# How to load huge CSV datasets in Python Pandas

It may happen that you have a huge CSV dataset which occupies 4 or 5 GBytes (or even more) in your hard disk and you want to process it with Python `pandas`. Maybe you don't need all the data contained in the dataset, but only some records satisfying some criteria.
In this short tutorial I show you how to deal with huge datasets in Python `Pandas`.
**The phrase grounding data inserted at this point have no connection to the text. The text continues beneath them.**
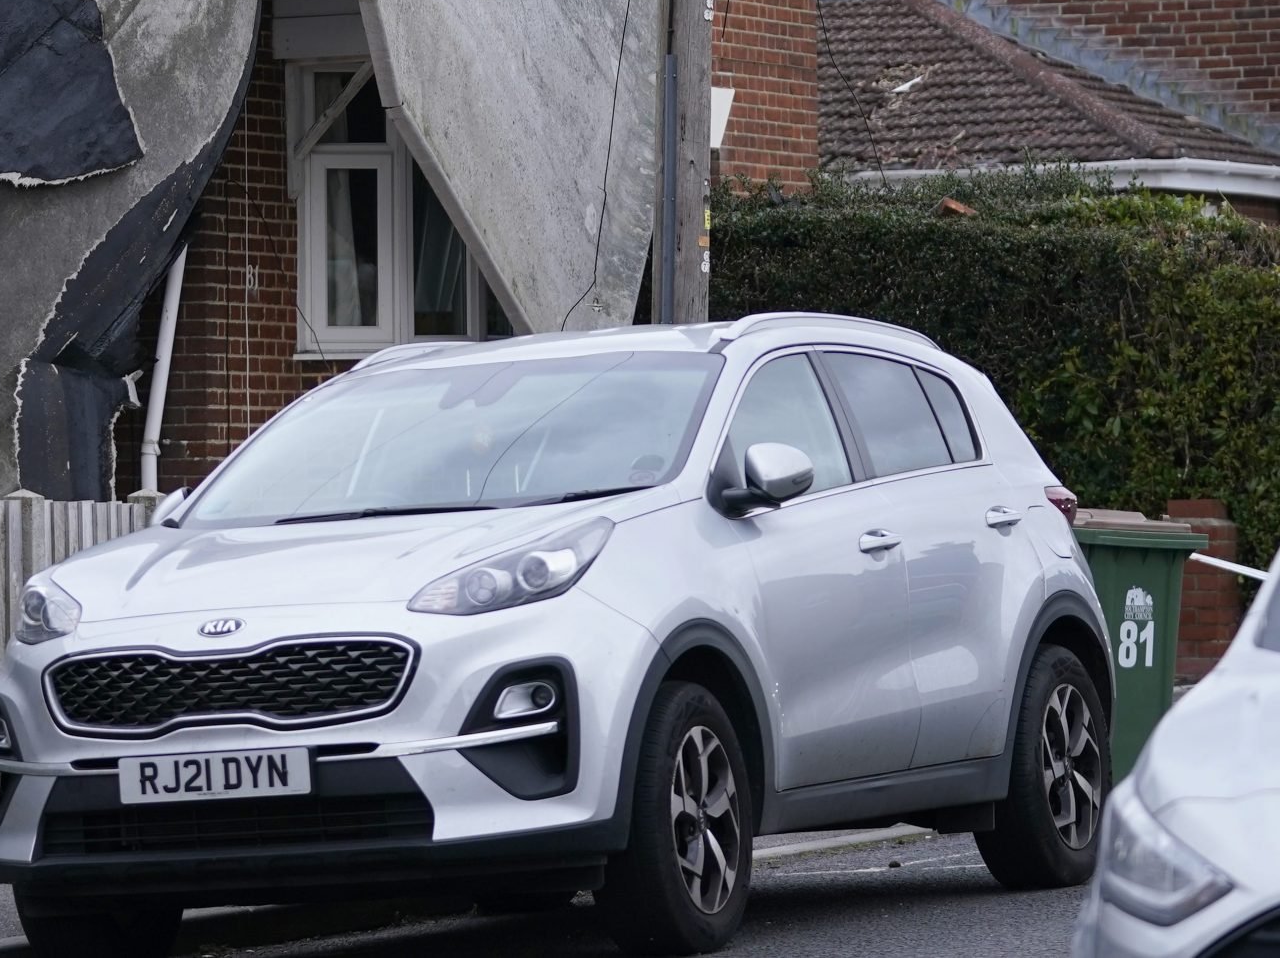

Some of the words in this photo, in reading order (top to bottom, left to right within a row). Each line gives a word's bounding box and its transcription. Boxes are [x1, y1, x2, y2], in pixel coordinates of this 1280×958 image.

[203, 619, 236, 634] KIA
[1124, 612, 1135, 620] CITY
[1117, 620, 1155, 668] 81
[139, 757, 213, 795] RJ21
[222, 753, 289, 790] DYN
We can apply four strategies:
* vertical filter
* horizontal filter
* bursts
* memory.

## Vertical Filter
In this case we load only some columns of the whole dataset. We can use the parameter `usecols` of the `read_csv()` function to select only some columns. 

In [35]:
import pandas as pd
df = pd.read_csv('hepatitis.csv', usecols=['age','sex'])
df.head()

Unnamed: 0,age,sex
0,30,male
1,50,female
2,78,female
3,31,female
4,34,female


## Horizontal Filter
In this case we load only some rows of the dataset. We can choose the starting row and how many rows we must load. Keep in mind that if we skip the first row, we must pass the names of the columns as further parameter.

In [36]:
srow = 5
nrows = 50
columns = ['age','sex','steroid','antivirals','fatigue','malaise','anorexia','liver_big','liver_firm','spleen_palpable','spiders','ascites','varices','bilirubin','alk_phosphate','sgot','albumin','protime','histology','class']
df = pd.read_csv('hepatitis.csv', skiprows=srow, nrows=nrows, names=columns)
df.head()

Unnamed: 0,age,sex,steroid,antivirals,fatigue,malaise,anorexia,liver_big,liver_firm,spleen_palpable,spiders,ascites,varices,bilirubin,alk_phosphate,sgot,albumin,protime,histology,class
0,34,female,True,False,False,False,False,True,False,False,False,False,False,1.0,,200.0,4.0,,False,live
1,34,female,True,False,False,False,False,True,False,False,False,False,False,0.9,95.0,28.0,4.0,75.0,False,live
2,51,female,False,False,True,False,True,True,False,True,True,False,False,,,,,,False,die
3,23,female,True,False,False,False,False,True,False,False,False,False,False,1.0,,,,,False,live
4,39,female,True,False,True,False,False,True,True,False,False,False,False,0.7,,48.0,4.4,,False,live


## Bursts
It may happen that we need to load the full dataset, but we don't have enough memory to load it. Thus we can load it in bursts, then we apply some filters and store the results into another (smaller) dataset. Filters may include dropping operations and conversion from bigger to smaller types.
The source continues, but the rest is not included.